On Monday night the City Council considered changing Culver City's elections to a mail-only voting system. However, the voting-by-mail idea was strongly voted down by four out of five council members.

The issue had been placed on the agenda by council member Jim Clarke, who thought that since absentee ballots account for a large percentage of the total vote, the actual voting system ought to be changed to reflect that situation. But Clarke stood alone in voting in favor of the change.

Public speakers noted that the concept of voting by mail seemed like a good idea but that in practice, voting by mail can be a problem due to a number of difficulties, such as verifying the identity of the voters' signatures and the possibility of coercion in voting.

Some speakers even expressed enjoyment at coming to the polls in person. "It's watching democracy in action," said one speaker.

All ten of the public speakers ultimately expressed opposition to the proposal.

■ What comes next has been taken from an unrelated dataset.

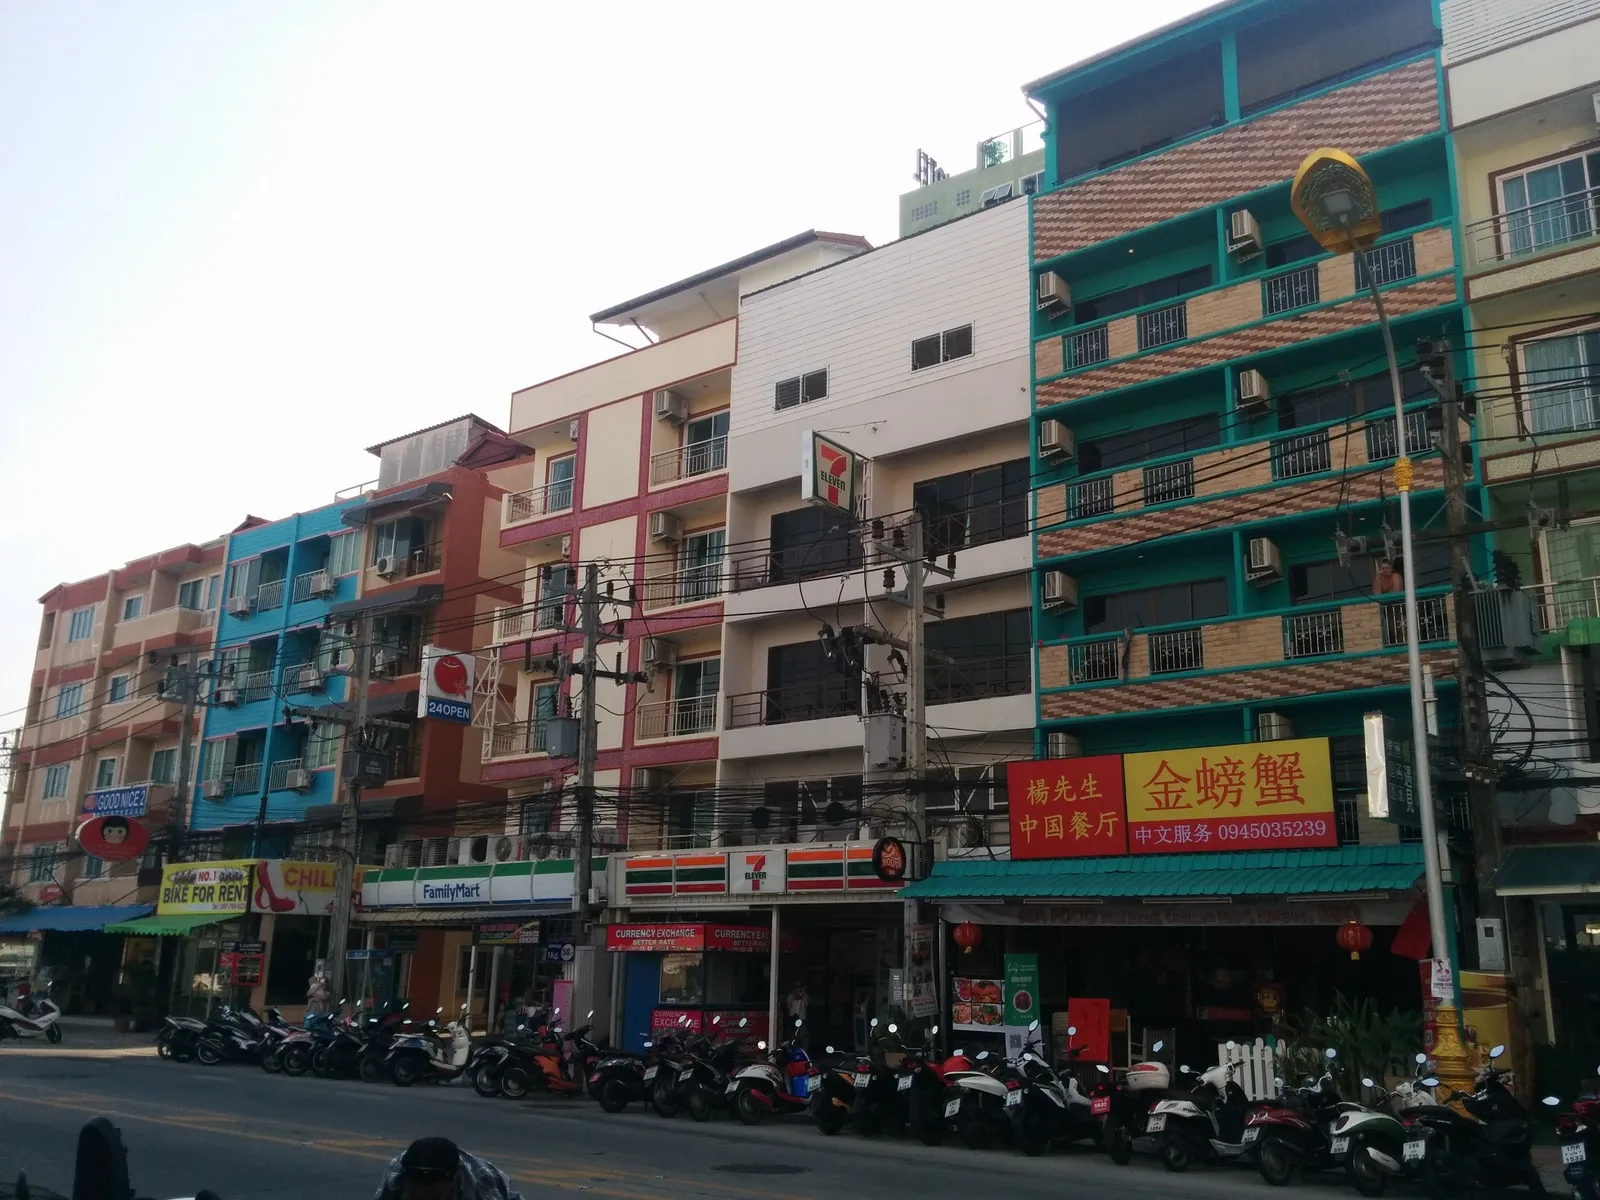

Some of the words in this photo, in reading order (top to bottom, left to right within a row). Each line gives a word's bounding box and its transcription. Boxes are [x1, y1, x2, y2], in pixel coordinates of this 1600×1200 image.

Outgoing Mayor Meghan Sahli-Wells had been a supporter of voting by mail in the past but when it came to the final decision, she came out against the vote-by-mail option. Mehaul O' Leary also reportedly changed his view after initially having expressed support for voting by mail.

Clarke said he had asked for the discussion because he believed that voting by mail would increase the number of votes.

"There are only 1700 people that actually turn out to vote on election day," said Clarke. "The vast majority of people who vote by mail are voting because they are permanent absentee voters."

He hoped that Culver City will continue to examine alternative methods of voting.